Islamic State’s abductees: ignored and unaccounted for despite the defeat of the “caliphate state”
Although nearly 11 months have passed since the International Coalition’s announcement of the defeat of ISIS which was a dominant force east of the Euphrates River, and with the recent developments over the past period, however, silence still surrounds the issue of ISIS’s abductees. All sides remain quiet and provide no clarification on the fate of thousands of abductees, where fear continues to grow for the lives and fate of the abductees, including Father Paolo Daololio, Bishops John Ibrahim and Paul Yazji, Abdullah Al Khalil, a British journalist, sky news journalist and other journalists, in addition to hundreds of abductees from Ain Al Arab (Kobane) area and Afrin, as well as the people of Deir ez-Zor.

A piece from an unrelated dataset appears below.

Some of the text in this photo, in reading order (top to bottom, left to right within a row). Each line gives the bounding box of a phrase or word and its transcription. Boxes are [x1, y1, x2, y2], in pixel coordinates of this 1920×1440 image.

With the continuing crimes and violations against Syrian civilians, including death threats against SOHR workers by the Islamic State and other killers and criminals in Syria, The Syrian Observatory for Human Rights renews its vows to continue its work by monitoring, documenting and publishing all violations and crimes that committed against the Syrian people.

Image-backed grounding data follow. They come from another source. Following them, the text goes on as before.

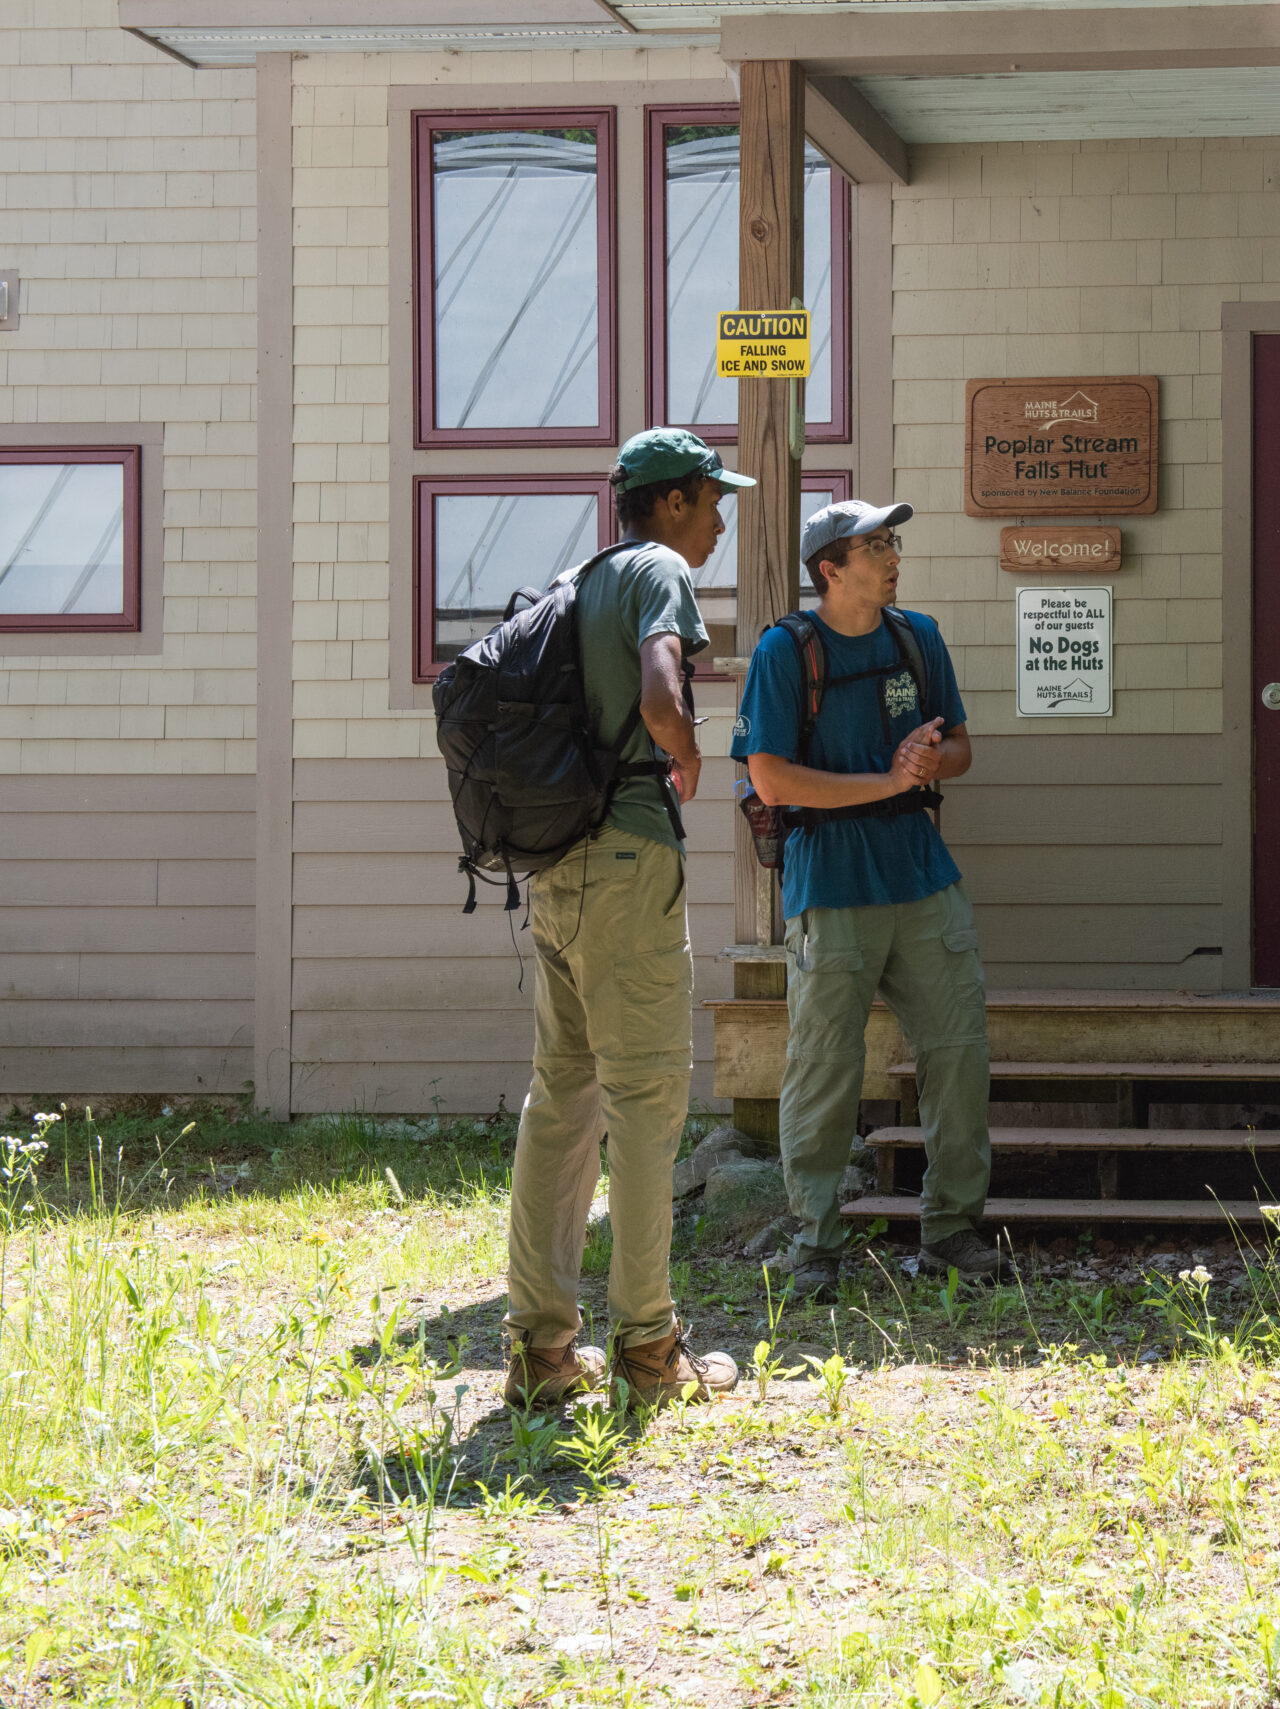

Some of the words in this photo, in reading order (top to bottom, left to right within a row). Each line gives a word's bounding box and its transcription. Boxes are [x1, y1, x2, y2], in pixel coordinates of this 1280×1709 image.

[723, 318, 804, 336] CAUTION
[740, 345, 786, 356] FALLING
[721, 360, 740, 371] ICE
[743, 360, 767, 371] AND
[771, 360, 805, 371] SNOW
[1025, 401, 1057, 409] MAINE
[985, 435, 1055, 458] Poplar
[1062, 435, 1138, 453] Stream
[1015, 460, 1060, 479] Falls
[1069, 460, 1107, 479] Hut
[981, 488, 1025, 497] sponsored
[1027, 488, 1037, 497] by
[1040, 488, 1058, 496] New
[1061, 487, 1092, 496] Balance
[1094, 487, 1141, 496] Foundation
[1013, 539, 1109, 557] Welcome!
[1041, 599, 1071, 608] Please
[1074, 598, 1087, 608] be
[1023, 609, 1070, 621] respectful
[1073, 610, 1083, 619] to
[1086, 608, 1105, 618] ALL
[1034, 621, 1045, 630] of
[1046, 622, 1063, 630] our
[1065, 621, 1094, 632] guests
[1029, 636, 1053, 654] No
[1058, 636, 1099, 657] Dogs
[1025, 657, 1040, 671] at
[1043, 655, 1067, 671] the
[1071, 655, 1104, 671] Huts
[886, 688, 916, 697] MAINE

We, at the Syrian Observatory for Human Rights, renew our call to the UN Security Council to refer those ‘war crimes’ and ‘crimes against humanity’ committed in Syria to the International Criminal Court so that all the criminals and killers of the Syrian people are brought to justice.
The Syrian Observatory also points out that it had already warned, well before “Islamic State of Iraq and the Levant” announced itself as “ Caliphate State” in Syria and Iraq, that this organization did intend to work for the Syrian people and serve their interest, but rather ISIS continued to kill innocent Syrians, who had been suffering the brutality of war and violence and became displaced.
Furthermore, the “Islamic State” recruited children in the so-called “cubs of the caliphate”, and controlled the wealth and resources of Syrian peole and harnessed them to build a “caliphate”, and traded open back and forth with one of Syria’s neighboring country.
The Syrian Observatory also renews its appeal to the international community for a solution to “Al Hawl mini-state” crisis, which is considered a genuine threat to everyone.
At the Syrian Observatory, we renew our call to the UN Security Council, all organizations concerned and countries that claim to respect human rights in the world to act immediately to stop the crimes and violations committed against the Syrian people by the Islamic State and to establish appropriate courts for prosecuting the perpetrators. We call on all parties concerned to help the Syrian people to reach freedom and achieve democracy, justice and equality, which will preserve the rights of all Syrian people, with all its various diverse constituents, without discriminating against religions, sects and ethnicities that have been and will continue to coexist in Syria now and in the future despite all the media campaigns which are actively working to destroy the diverse social fabrics of the Syrian nation.